15 October 2023

Cyclist, Covered



 Lately, I haven’t seen many people wearing masks.  I have to admit that I stopped wearing them a while back—until a week ago, when I donned one while awaiting the results of a COVID test. (Negative.) I’d been in proximity to someone who was infected and I was playing it safe. 

I found myself thinking back to the early days of the pandemic, when you hardly ever saw anyone’s face. Even some cyclists covered their noses and mouths. (I carried a mask when I rode and pulled it on when I stepped into a coffee shop or some other place.)

I don’t believe, however, that many cyclists concealed themselves in this way:




14 October 2023

An After-Work Ride Falls Into Sunset

The other day, I took Negrosa, my vintage Mercian Olympic on an after-work ride in Jersey City, Bayonne and Staten Island.  

I just missed a Staten Island Ferry to Manhattan.  The day was Classic Fall—clear, cool and crisp and I’d brought a book I’ve been reading (yes, a real book—nothing digital!) so I didn’t mind the wait—12 minutes, as it turned out—for the next boat.

That delay was rewarding—in an aesthetic sense, anyway.  What I witnessed from the deck of that ferry boat made me wish that my camera were as old-school (i.e. with film) as my book.
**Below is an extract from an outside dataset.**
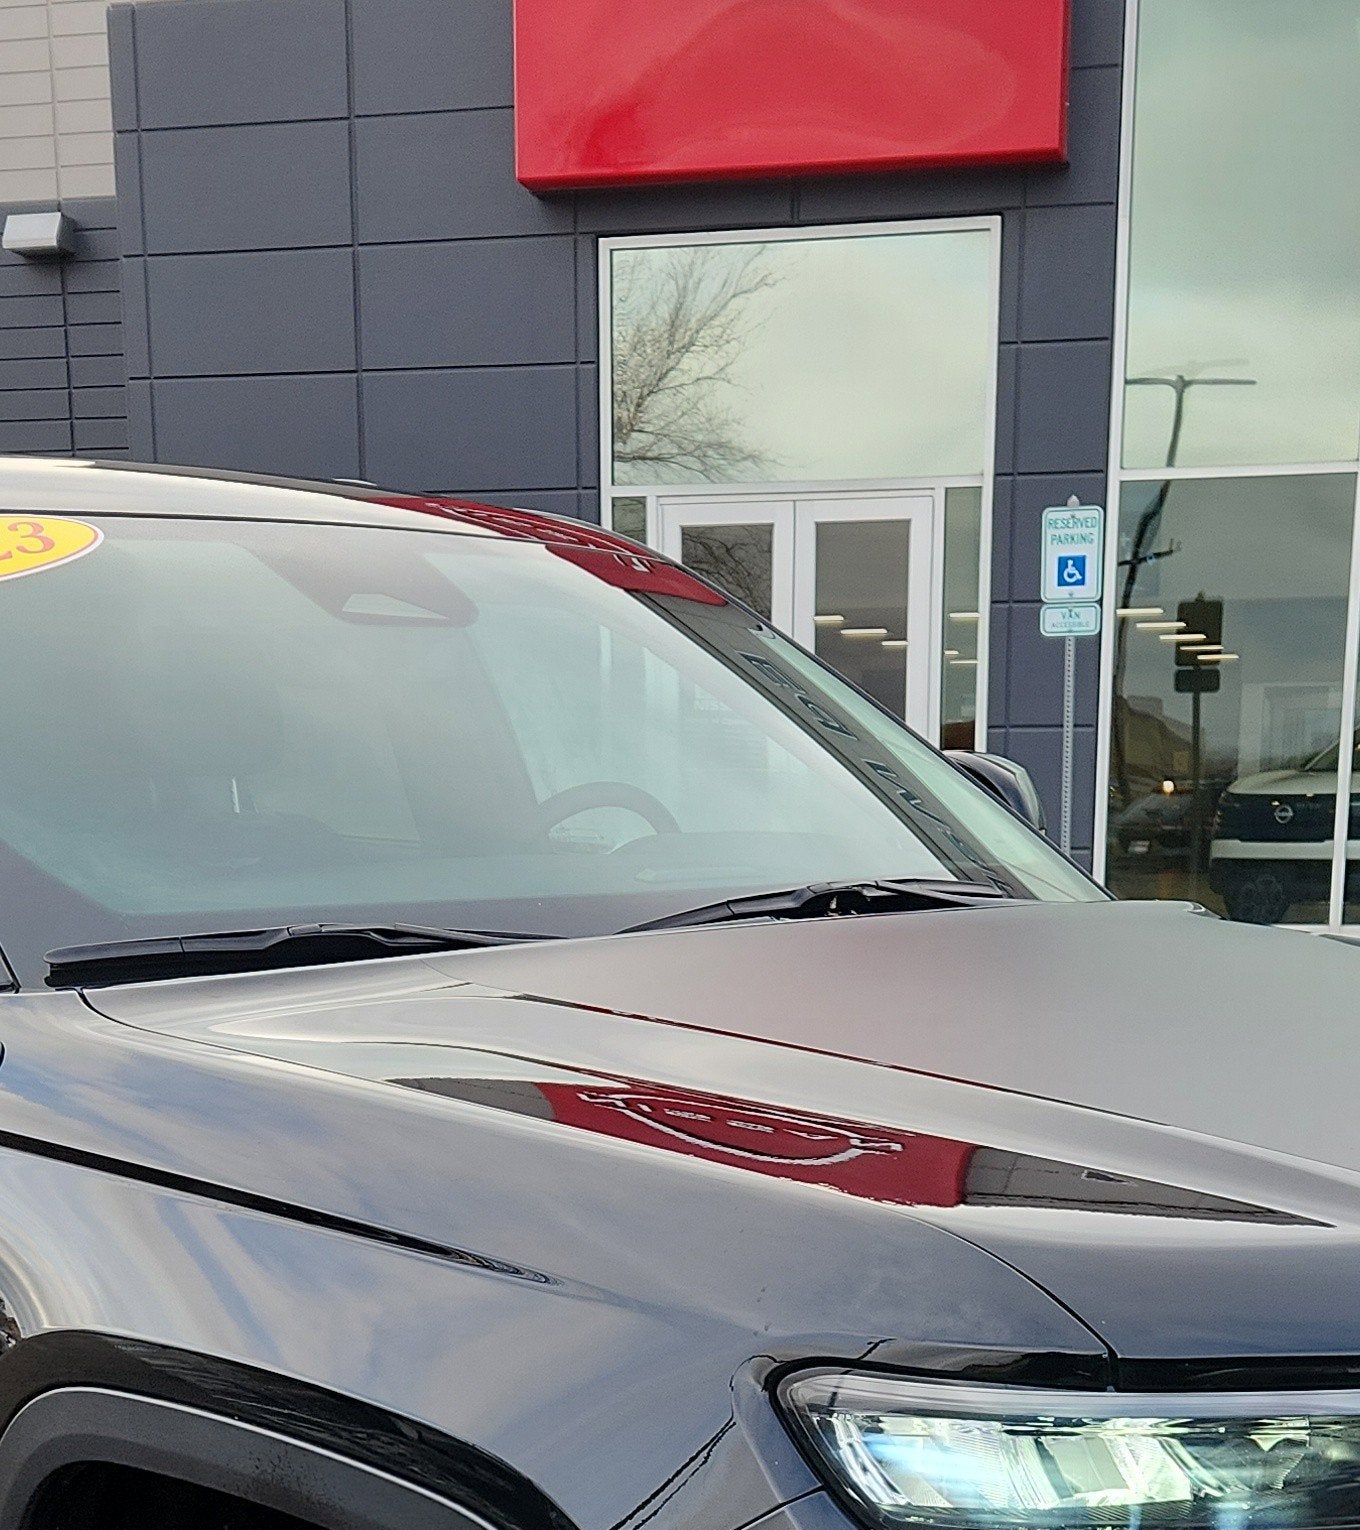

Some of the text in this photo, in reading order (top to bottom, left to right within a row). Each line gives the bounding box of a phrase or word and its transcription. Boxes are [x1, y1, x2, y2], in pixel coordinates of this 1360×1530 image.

Or, better yet, that I had an easel and palette.





There hardly could have been  a better ending to a Classic Fall day—and ride.  Some people say autumn sunsets are the most beautiful of all. I wouldn’t argue with them.





After I disembarked in Battery Park, twilight flickered to my left as I pedaled by the South Street Seaport, across the Williamsburg Bridge and up through the neighborhood for which the bridge is named to my place in Astoria.

13 October 2023

A Path To My Recent Past

For about three years, a bike lane has lined Crescent Street, about 10 meters from my apartment.  In previous posts, I have expressed mixed-to-negative feelings about the lane: It’s not well thought-out or constructed and is now overrun with motor scooters.  


Crescent Street


And, lately, there’s been building destruction and construction along Crescent. The lane is therefore blocked or is crossed by workers bearing girders. That means  cyclist pedaling north on the lane has to detour onto the sidewalk—unless, of course, that’s also blocked—or squeeze between the contractors’ trucks and the southbound traffic. (Crescent is a one-way street.)


23rd Street 



So, lately, I’ve been doing what I did before the lane was constructed:  To reach the RFK Bridge or any other point north of my apartment, I’ve been riding 23rd Street, a one-way northbound thoroughfares that parallels Crescent.